Focusing on the role of Exhibition (as opposed to the other three structures of studio-based teaching: ‘Demonstration-lecture’, ‘Students-at-work’, and ‘Critique’) one of the respondents describes its importance – without the exhibition ‘it would almost be like rehearsing and never performing’. This comment struck me. For students who do not have an exhibition to develop and show, what is their overarching authentic equivalent? To begin to answer this it is important to understand that the exhibition for an art student is the culmination of their degree (though motivation towards this is further enhanced by the learner’s future thinking: what they might sell at their show, what they might make next, how ‘their ideas’ continue to develop, how the loss of studio creates a new context for practice, etc).

The exhibition demands that the student conceives of and makes a commitment to a statement. You could call this a hypothesis or the resolution of a research question. If you have been to a degree show you will know that each student’s statement is remarkably different from that of their peers. A naive student will show what they perceive to be their best work. Immediately we see a problem of subjectivity endemic in arts education: ‘best’ could mean so many things – technical execution, conceptual coherence, the most recent work, the work that took the most effort, the work that other people say they ‘liked’, the most commercial, the work demonstrating the most integrity… This subjectivity, nevertheless, has to be addressed by the student. They have to form a convincing argument. For an excellent student the exhibition will be decisive and coherent. It may bear little in terms of visual connect to earlier work, but ecologically the experience will have a strong connection to their current work and artistic identity.

So, these criteria (and many others) are continually swirling around the mind of the art student. One of the points of the degree show is to stop the ‘swirling’ and demand that the student tells their public what is important. And there’s another problem – who is their ‘public’? Their family, peers, people who they aspire to emulate, their tutor, the tutor group who will mark their show, people who might buy something..? The art student must make a commitment to a public that they believe offers them context for their work. Public, for many other students, is often clearer. It is the person who marks their work and this may explain why many academics and students are so preoccupied with surface learning where assessment is the prime or only driver.

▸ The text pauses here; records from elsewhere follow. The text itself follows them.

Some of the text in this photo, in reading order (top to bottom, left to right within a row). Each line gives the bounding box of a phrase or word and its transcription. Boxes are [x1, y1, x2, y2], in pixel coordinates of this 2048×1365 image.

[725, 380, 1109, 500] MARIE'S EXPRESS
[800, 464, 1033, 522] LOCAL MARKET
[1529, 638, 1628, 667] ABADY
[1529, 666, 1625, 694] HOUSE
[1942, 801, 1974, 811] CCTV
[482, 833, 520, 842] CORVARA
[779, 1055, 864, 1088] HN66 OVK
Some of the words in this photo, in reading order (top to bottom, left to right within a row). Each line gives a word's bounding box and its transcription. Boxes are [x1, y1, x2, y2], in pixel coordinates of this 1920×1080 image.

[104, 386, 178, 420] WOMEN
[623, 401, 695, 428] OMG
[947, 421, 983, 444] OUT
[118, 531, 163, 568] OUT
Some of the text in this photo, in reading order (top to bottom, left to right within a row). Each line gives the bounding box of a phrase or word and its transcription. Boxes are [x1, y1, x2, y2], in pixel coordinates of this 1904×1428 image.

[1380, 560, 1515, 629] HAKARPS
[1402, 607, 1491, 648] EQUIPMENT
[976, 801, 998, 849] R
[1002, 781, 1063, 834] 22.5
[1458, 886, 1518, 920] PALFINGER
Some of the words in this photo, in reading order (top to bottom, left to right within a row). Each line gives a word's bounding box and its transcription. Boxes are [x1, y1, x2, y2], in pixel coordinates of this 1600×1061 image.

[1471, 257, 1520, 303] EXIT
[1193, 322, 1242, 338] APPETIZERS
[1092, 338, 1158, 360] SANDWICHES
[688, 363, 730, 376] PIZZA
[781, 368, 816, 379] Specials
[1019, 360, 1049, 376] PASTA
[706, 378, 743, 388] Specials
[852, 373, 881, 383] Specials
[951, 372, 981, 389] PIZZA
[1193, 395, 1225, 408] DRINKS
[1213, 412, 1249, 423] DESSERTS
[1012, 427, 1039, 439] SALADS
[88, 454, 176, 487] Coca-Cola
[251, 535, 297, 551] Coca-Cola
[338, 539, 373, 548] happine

The exhibition or statement presents a cohesive idea made up of a collection of ‘works’. Another problem – for conceptual artists (and when is a real artist not conceptual, though for some artists the idea of concept is as dominant as other artist identities) the exhibition may be represented in a single piece especially when that is a performance. It’s a risky business deciding what to include or leave out. Pinning everything on a single piece is courageous and demonstrates, if nothing else, determination and clarity of thinking; something that in itself has value. I had my work stolen a week before my own degree show. I often wonder what happened and I have always had this nagging thought that maybe my tutors ‘stole’ it, because the only thing I could do was to remake the show. I didn’t sleep for a week, madly creating new work. I did not attempt to reproduce the work – that would have been odd on many counts, but the loss of my work demanded that I reconceptualise my experience in a new ‘of the moment’ performance in which I created four new canvases. Technically it was quite different, but it was certainly a lot more cohesive than the relatively disjointed collection that I had brought together over the previous three years.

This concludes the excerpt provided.